Dataset entries:
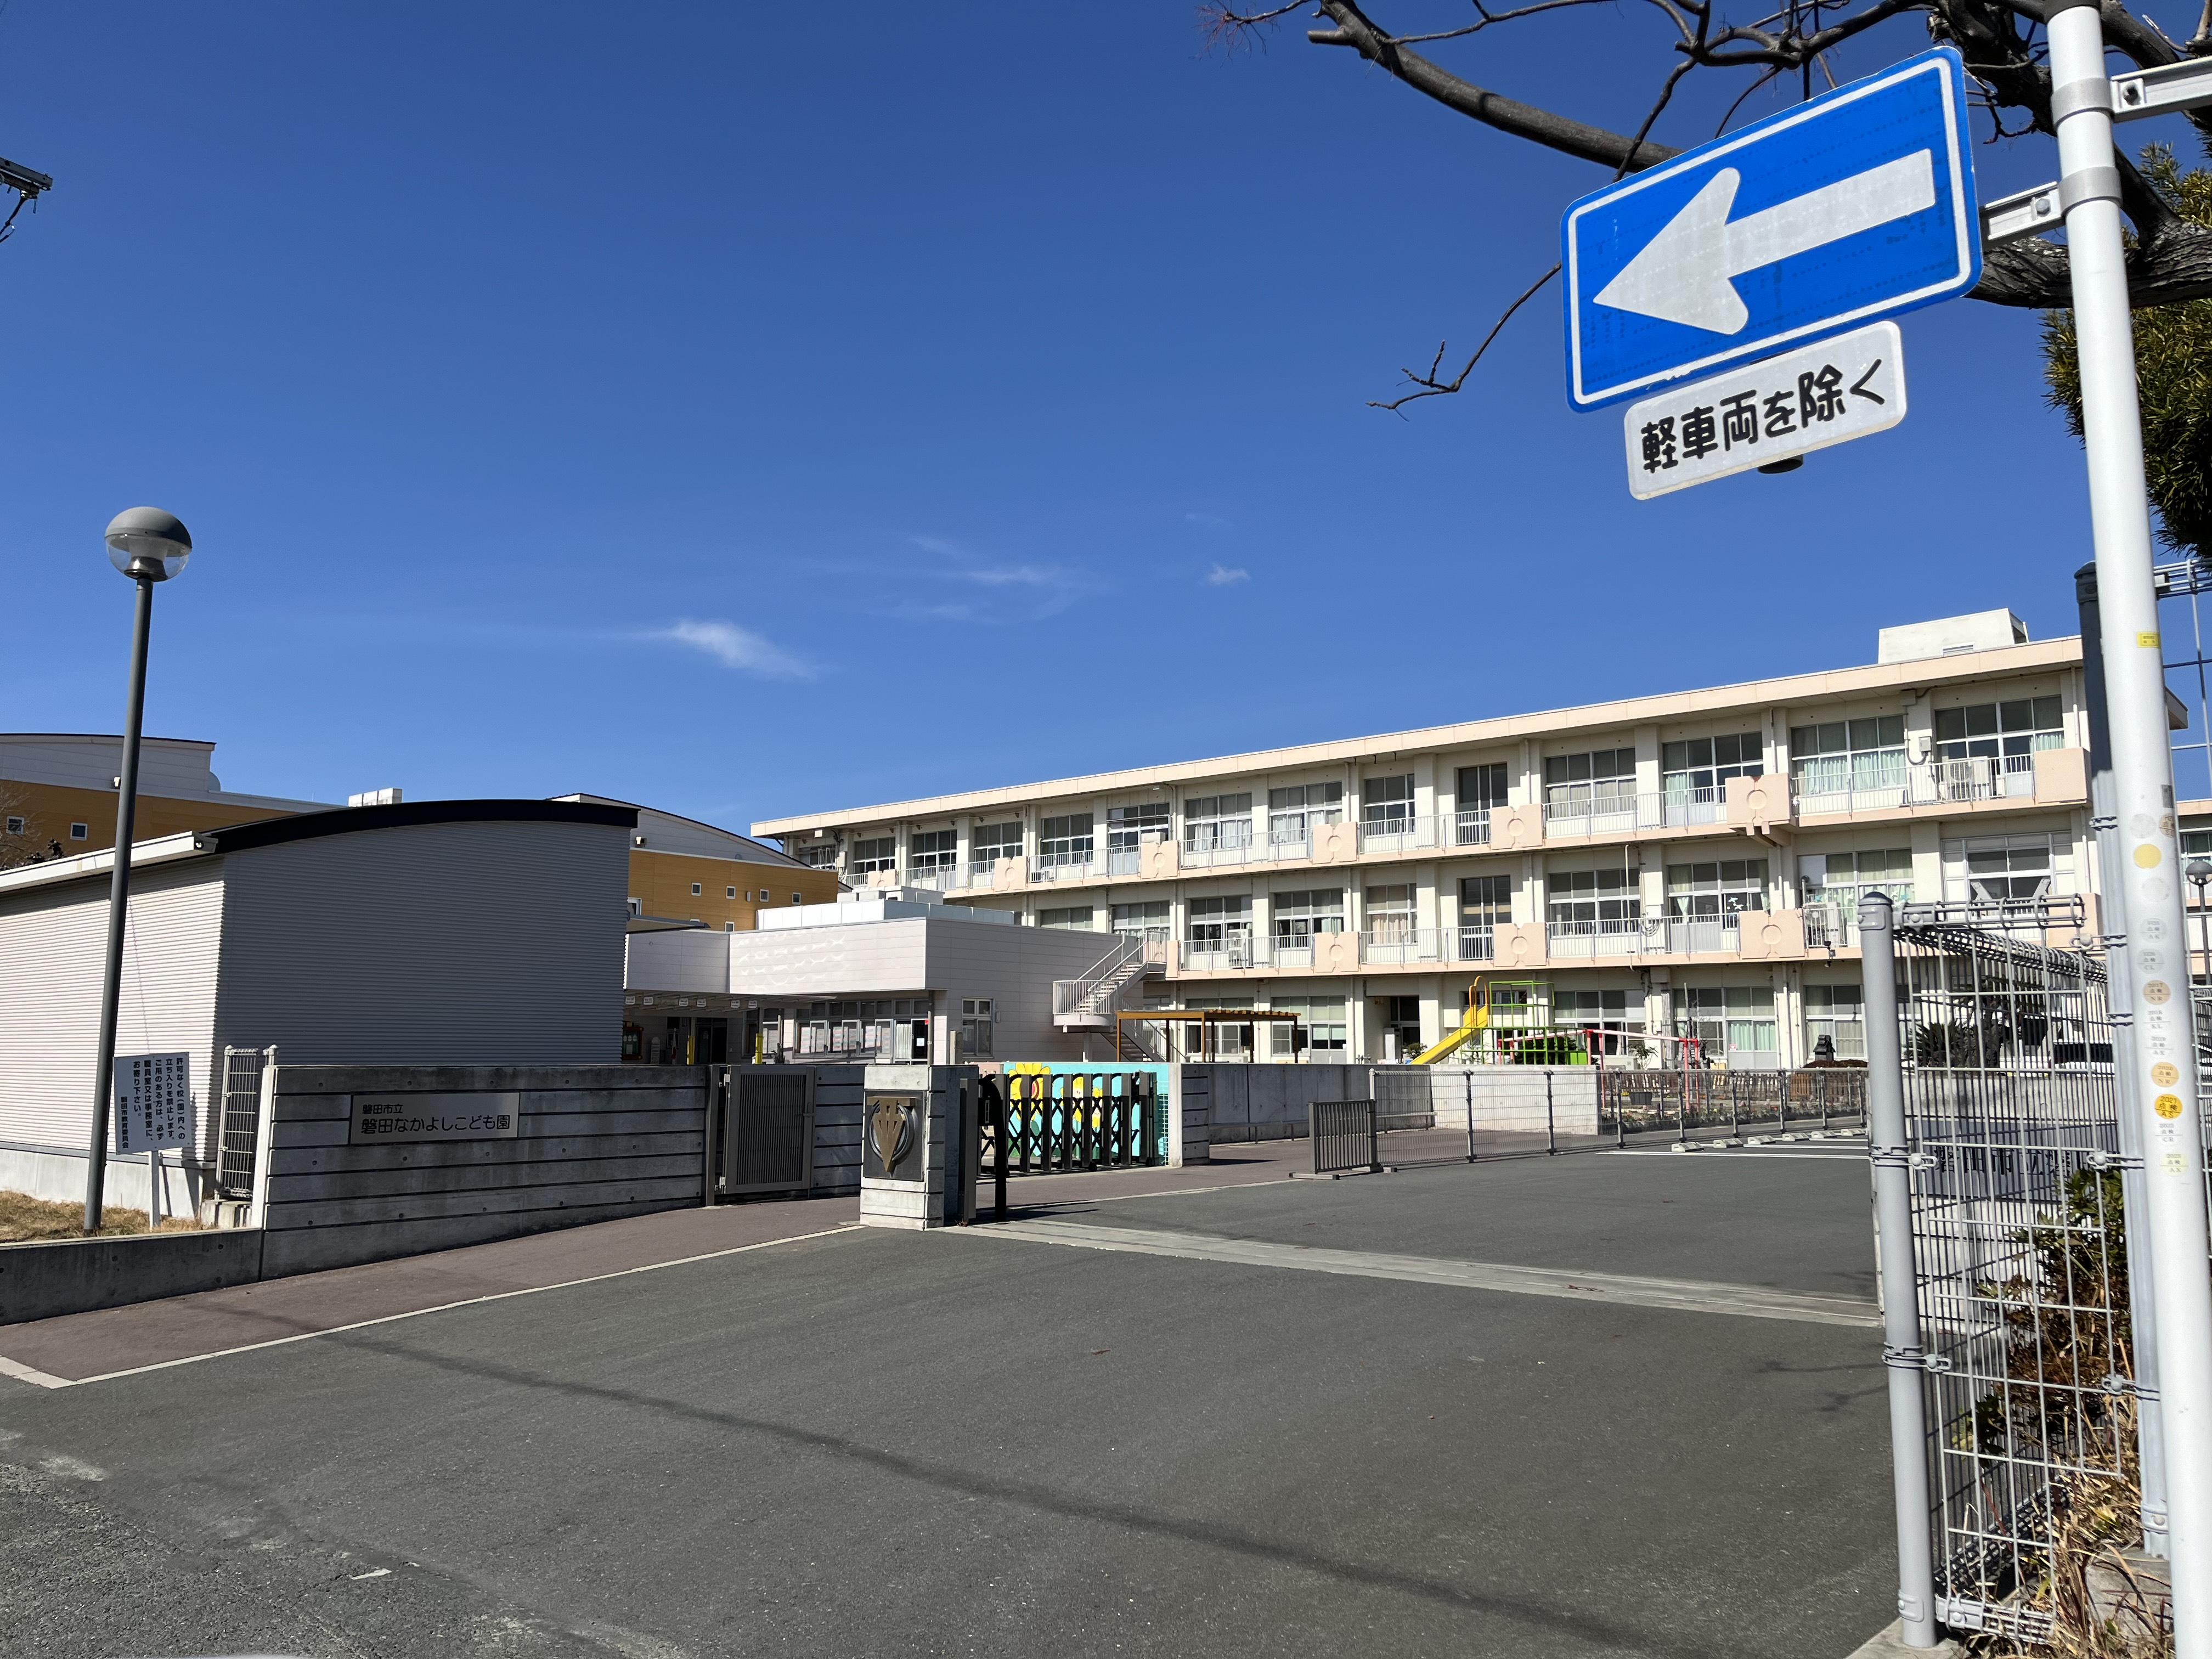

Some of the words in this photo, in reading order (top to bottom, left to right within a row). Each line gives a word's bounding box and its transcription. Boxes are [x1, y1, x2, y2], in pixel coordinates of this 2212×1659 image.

[1641, 359, 1885, 473] 軽車両を除く
[133, 1061, 142, 1116] お寄り下さい。
[166, 1058, 174, 1139] 立ち入りを禁止します。
[362, 1104, 403, 1114] 磐田市立
[361, 1115, 510, 1134] 磐田なかよしこども園

> [About this exercise] Output every record above exactly, leaving out the pictures.

> [Task output]
Some of the words in this photo, in reading order (top to bottom, left to right within a row). Each line gives a word's bounding box and its transcription. Boxes are [x1, y1, x2, y2], in pixel coordinates of this 2212×1659 image.

[1641, 359, 1885, 473] 軽車両を除く
[133, 1061, 142, 1116] お寄り下さい。
[166, 1058, 174, 1139] 立ち入りを禁止します。
[362, 1104, 403, 1114] 磐田市立
[361, 1115, 510, 1134] 磐田なかよしこども園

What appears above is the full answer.